■ **Task item**
In the copy, keep every record exact and leave out all images.

■ **Data for processing**

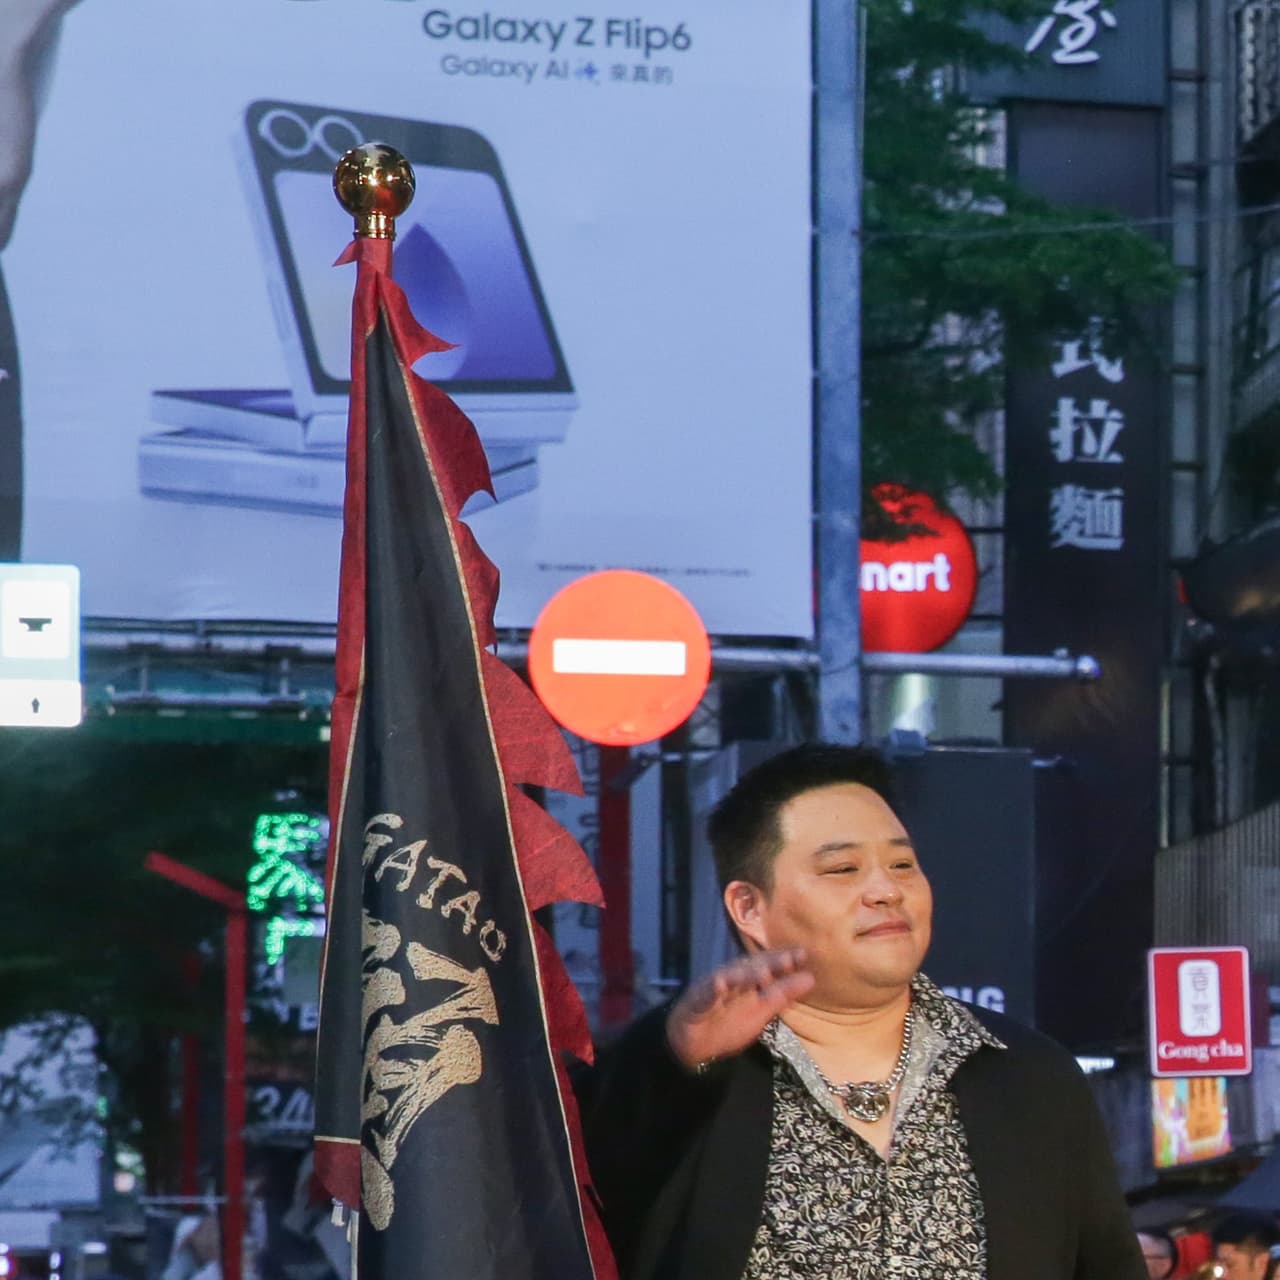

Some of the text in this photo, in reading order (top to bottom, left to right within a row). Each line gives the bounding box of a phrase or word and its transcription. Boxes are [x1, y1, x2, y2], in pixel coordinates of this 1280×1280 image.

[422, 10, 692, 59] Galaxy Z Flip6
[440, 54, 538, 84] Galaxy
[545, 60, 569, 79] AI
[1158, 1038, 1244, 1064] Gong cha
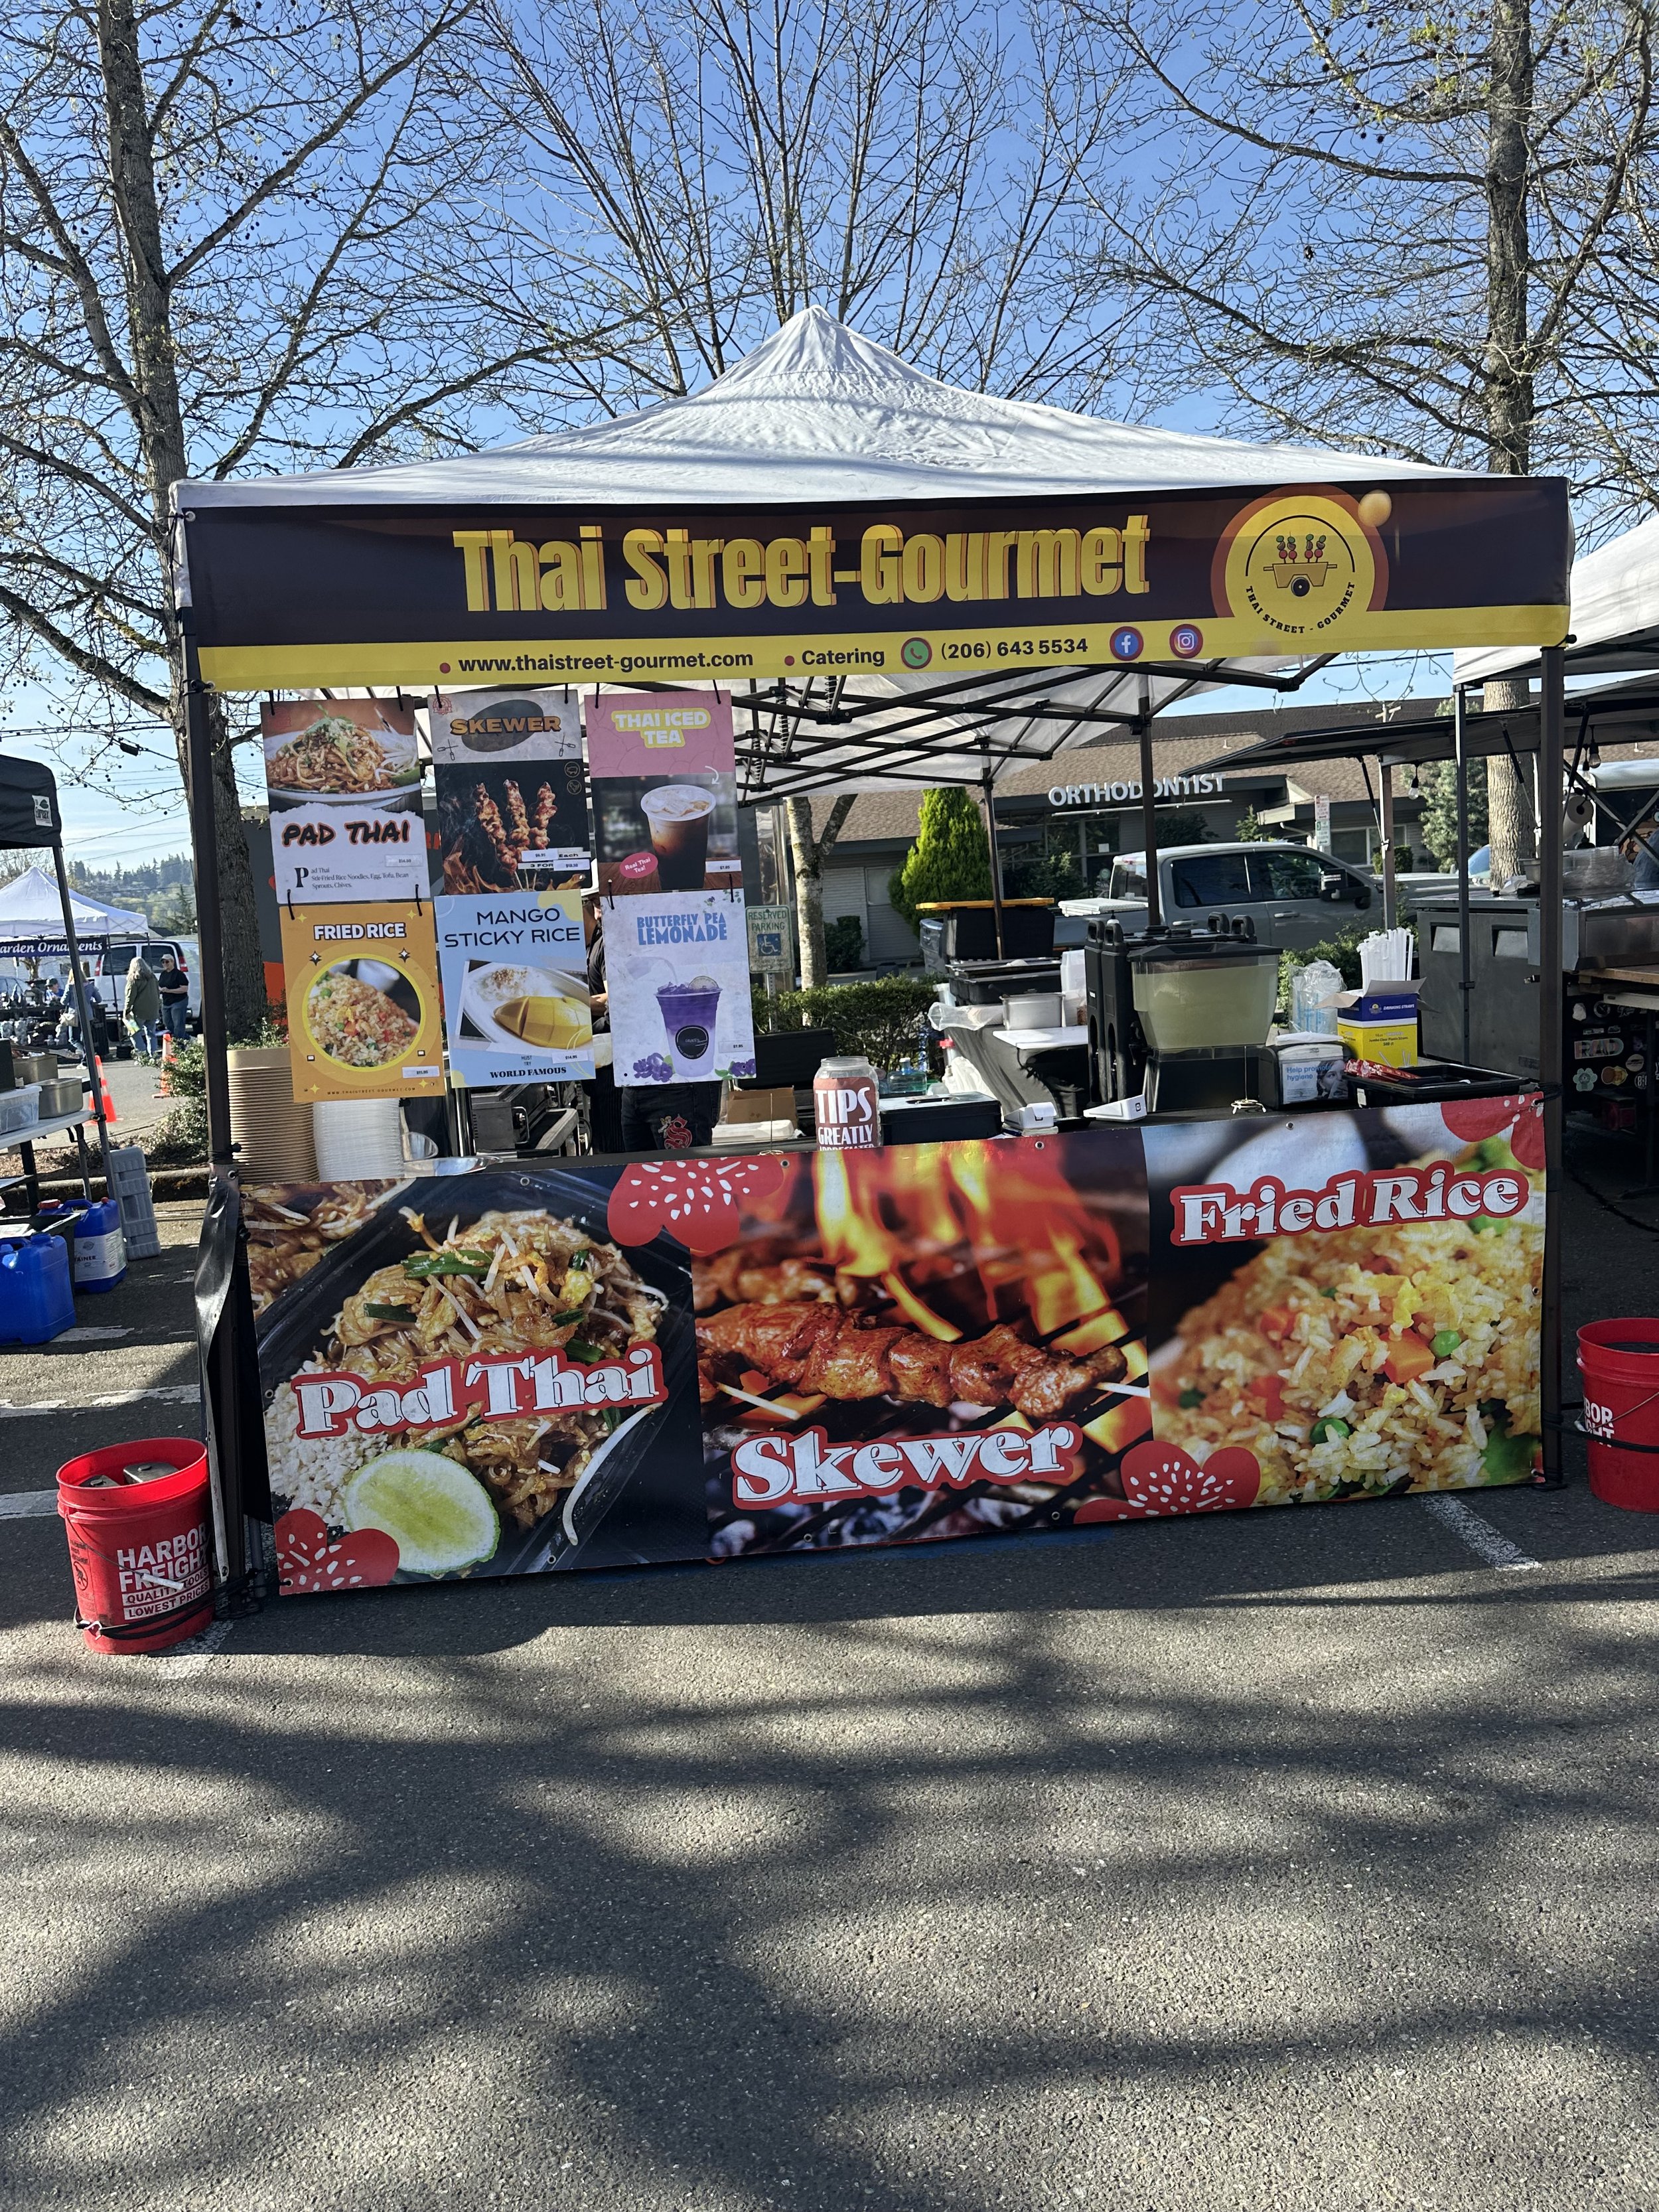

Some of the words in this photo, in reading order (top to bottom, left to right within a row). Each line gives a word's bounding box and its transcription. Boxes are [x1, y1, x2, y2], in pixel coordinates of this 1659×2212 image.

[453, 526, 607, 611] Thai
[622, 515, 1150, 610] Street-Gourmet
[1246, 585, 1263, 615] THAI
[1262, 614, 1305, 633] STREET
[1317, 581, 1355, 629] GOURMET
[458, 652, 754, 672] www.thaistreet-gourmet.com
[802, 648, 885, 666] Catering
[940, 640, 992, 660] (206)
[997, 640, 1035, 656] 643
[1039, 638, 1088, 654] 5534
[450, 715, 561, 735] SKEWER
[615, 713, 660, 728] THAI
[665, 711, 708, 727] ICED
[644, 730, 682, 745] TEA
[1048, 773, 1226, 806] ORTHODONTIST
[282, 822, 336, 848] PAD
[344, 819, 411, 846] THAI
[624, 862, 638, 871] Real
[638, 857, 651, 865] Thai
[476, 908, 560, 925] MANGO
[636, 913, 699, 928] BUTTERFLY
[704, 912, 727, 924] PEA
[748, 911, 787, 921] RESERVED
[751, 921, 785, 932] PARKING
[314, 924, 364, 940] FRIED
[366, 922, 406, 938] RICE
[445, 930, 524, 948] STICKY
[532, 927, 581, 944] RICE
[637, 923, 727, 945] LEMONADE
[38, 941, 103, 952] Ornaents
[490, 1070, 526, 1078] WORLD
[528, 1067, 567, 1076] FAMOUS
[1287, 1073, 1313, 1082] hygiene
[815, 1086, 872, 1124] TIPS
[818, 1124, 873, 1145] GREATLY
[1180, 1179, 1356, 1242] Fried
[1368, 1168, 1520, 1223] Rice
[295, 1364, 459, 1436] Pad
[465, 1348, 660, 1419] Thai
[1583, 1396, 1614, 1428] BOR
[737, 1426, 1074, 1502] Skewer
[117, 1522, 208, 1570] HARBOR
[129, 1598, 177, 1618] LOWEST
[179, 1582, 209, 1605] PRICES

■ **Written reply**
Some of the text in this photo, in reading order (top to bottom, left to right within a row). Each line gives the bounding box of a phrase or word and its transcription. Boxes are [x1, y1, x2, y2], in pixel coordinates of this 1280×1280 image.

[422, 10, 692, 59] Galaxy Z Flip6
[440, 54, 538, 84] Galaxy
[545, 60, 569, 79] AI
[1158, 1038, 1244, 1064] Gong cha

Some of the words in this photo, in reading order (top to bottom, left to right within a row). Each line gives a word's bounding box and its transcription. Boxes are [x1, y1, x2, y2], in pixel coordinates of this 1659×2212 image.

[453, 526, 607, 611] Thai
[622, 515, 1150, 610] Street-Gourmet
[1246, 585, 1263, 615] THAI
[1262, 614, 1305, 633] STREET
[1317, 581, 1355, 629] GOURMET
[458, 652, 754, 672] www.thaistreet-gourmet.com
[802, 648, 885, 666] Catering
[940, 640, 992, 660] (206)
[997, 640, 1035, 656] 643
[1039, 638, 1088, 654] 5534
[450, 715, 561, 735] SKEWER
[615, 713, 660, 728] THAI
[665, 711, 708, 727] ICED
[644, 730, 682, 745] TEA
[1048, 773, 1226, 806] ORTHODONTIST
[282, 822, 336, 848] PAD
[344, 819, 411, 846] THAI
[624, 862, 638, 871] Real
[638, 857, 651, 865] Thai
[476, 908, 560, 925] MANGO
[636, 913, 699, 928] BUTTERFLY
[704, 912, 727, 924] PEA
[748, 911, 787, 921] RESERVED
[751, 921, 785, 932] PARKING
[314, 924, 364, 940] FRIED
[366, 922, 406, 938] RICE
[445, 930, 524, 948] STICKY
[532, 927, 581, 944] RICE
[637, 923, 727, 945] LEMONADE
[38, 941, 103, 952] Ornaents
[490, 1070, 526, 1078] WORLD
[528, 1067, 567, 1076] FAMOUS
[1287, 1073, 1313, 1082] hygiene
[815, 1086, 872, 1124] TIPS
[818, 1124, 873, 1145] GREATLY
[1180, 1179, 1356, 1242] Fried
[1368, 1168, 1520, 1223] Rice
[295, 1364, 459, 1436] Pad
[465, 1348, 660, 1419] Thai
[1583, 1396, 1614, 1428] BOR
[737, 1426, 1074, 1502] Skewer
[117, 1522, 208, 1570] HARBOR
[129, 1598, 177, 1618] LOWEST
[179, 1582, 209, 1605] PRICES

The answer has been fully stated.